A big rig with a refrigerated trailer. The CARB transport refrigeration unit regulatory concept would limit the GWP of refrigerants in TRUs to 5.
A semi-truck with a refrigerated trailer. Photo credit: Vitpho for Shutterstock.

CARB ‘Regulatory Concept’ Would Set a Refrigerant GWP Limit of 5 for Transport Refrigeration Units

In its current form, the regulation would apply to transport refrigeration units built after December 31, 2032.

The California Air Resources Board (CARB) is considering a “potential regulatory concept” that would require transport refrigeration units (TRUs) built after December 31, 2032, to use a refrigerant with a maximum GWP of 5.

The GWP limit was discussed during a public TRU regulation concepts development workshop hosted by CARB on May 22. It would apply to truck, trailer, domestic shipping container and railcar TRUs but not to TRU generator sets, removable refrigeration units for trailers and containers.

A work in progress: The concept is part of a larger CARB regulatory push to transition diesel-powered TRUs to zero-emission technologies, such as electricity, hydrogen and liquid nitrogen.

  • The impetus for the transition is Executive Order N-79-20, issued by California Governor Gavin Newsom in 2020, which set a goal for 100% zero-emission off-road vehicles and equipment in California by 2035. 
  • A 2022 amendment to CARB’s Transport Refrigeration Unit Airborne Toxic Control Measure (TRU ACTM) requires all truck TRUs operating in California to be zero-emission by December 31, 2029.
  • “CARB will use stakeholder input gathered to refine a potential regulation, but a regulation has not yet been formally proposed or adopted,” Lynda Lambert, Information Officer II at CARB, told NaturalRefrigerants.com. “If CARB does proceed with the requirement, any staff analysis and rationale for proposing such a requirement will be included in the staff report, which is not expected until 2026.”

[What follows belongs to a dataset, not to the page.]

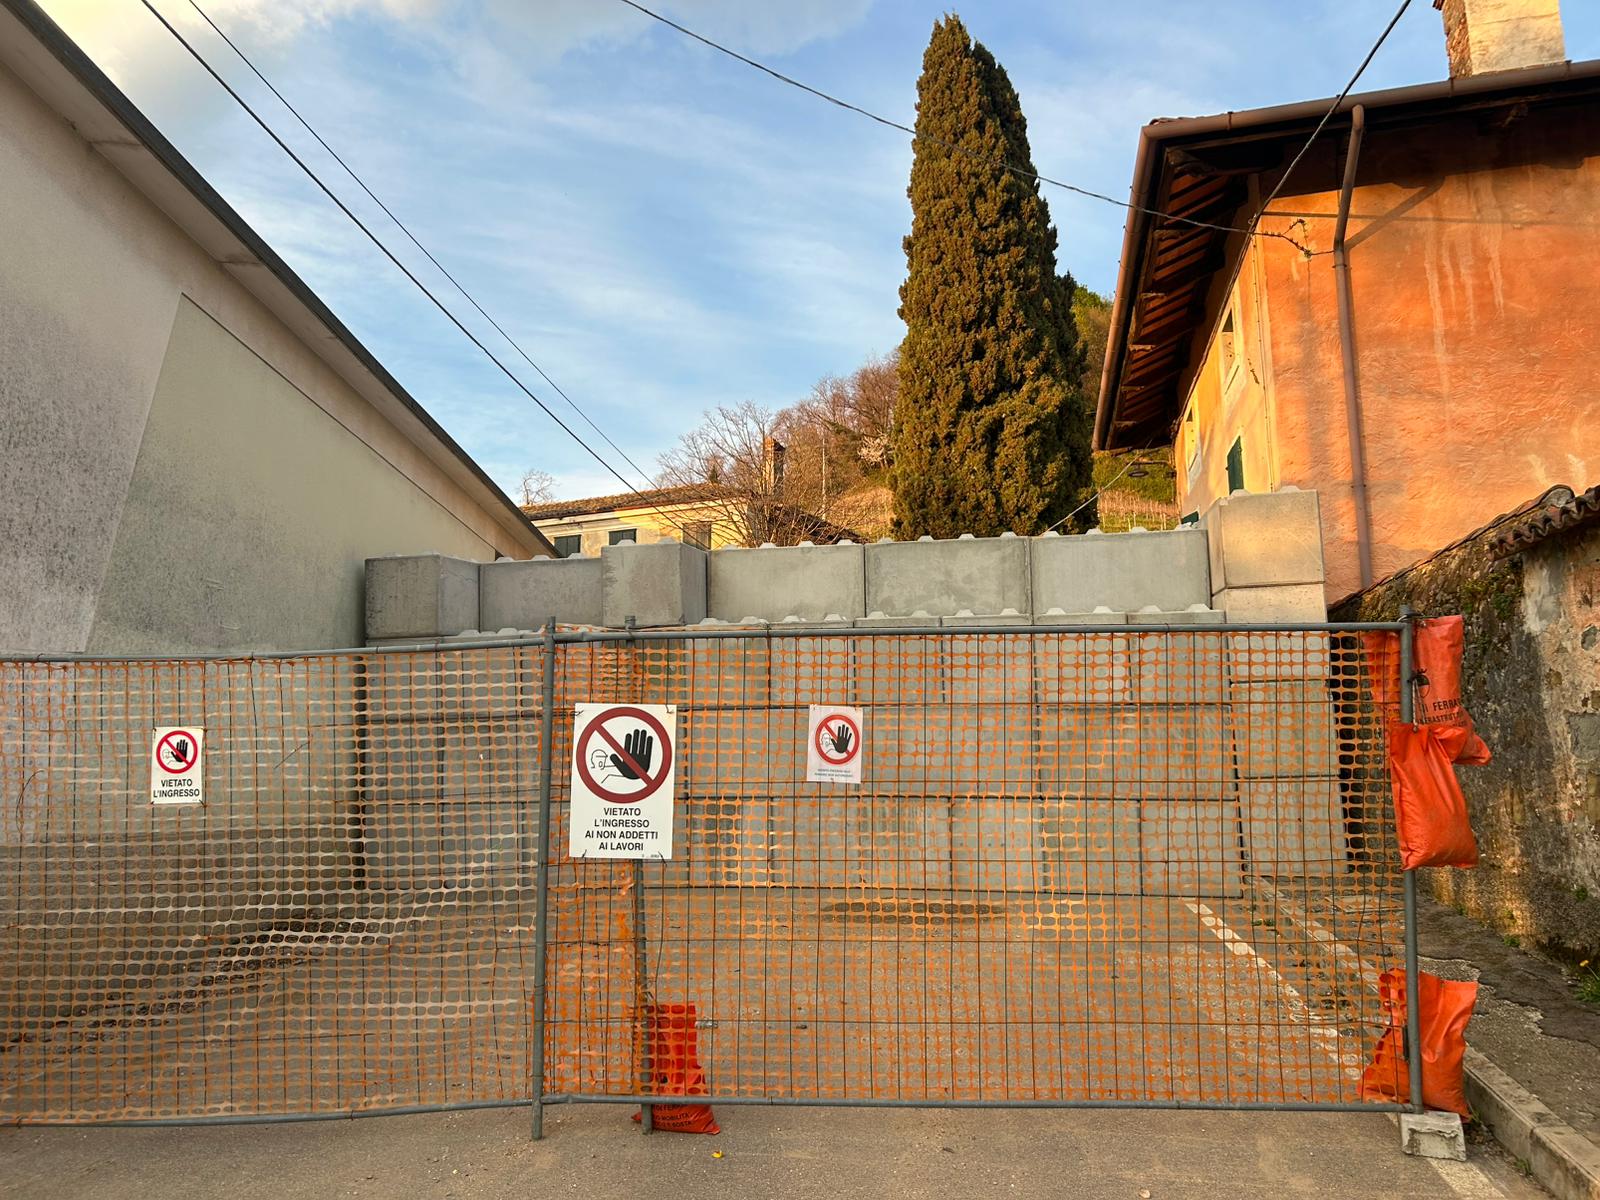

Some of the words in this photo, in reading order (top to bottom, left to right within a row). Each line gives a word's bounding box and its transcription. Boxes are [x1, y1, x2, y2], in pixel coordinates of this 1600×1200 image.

A massive drop: If this concept were to become a regulation, it would represent a major change from the current GWP limit of 2,200 for newly manufactured TRUs, which went into force December 31, 2022.

  • CARB estimates that, of all the non-truck TRU operations in California, 82% are trailer TRUs, 16% are TRU generator sets, and 2% are domestic shipping container and railcar TRUs.
  • Under the American Innovation and Manufacturing (AIM) Act’s “Technology Transitions” rule, intermodal refrigerated transport containers “with exiting fluid temperature from a chiller equal to or above –50°C (–58°F)” cannot use a refrigerant with a GWP exceeding 700 from January 1, 2025.

NatRef alternatives: While the majority of transport refrigeration units use f-gas refrigerants, natural refrigerant alternatives using CO2 (R744) and hydrocarbons such as propylene (R1270) are available.

  • German manufacturer ECOOLTEC’s TM182, a propylene/CO2 TRU powered by electricity, went on sale in Europe in 2023. In April, U.K. supermarket chain Tesco took delivery of two trucks equipped with the TM182.
  • Carrier Transicold’s NaturaLINE marine container refrigeration unit uses CO2, with the company saying it “delivers sustainability and efficiency equal to our best-in-class performer.”
  • In 2021, Italian gas provider SIAD debuted the COOL FreeToGo, a TRU that used the evaporation of liquid CO2 as opposed to the traditional vapor compression cycle, to provide cooling.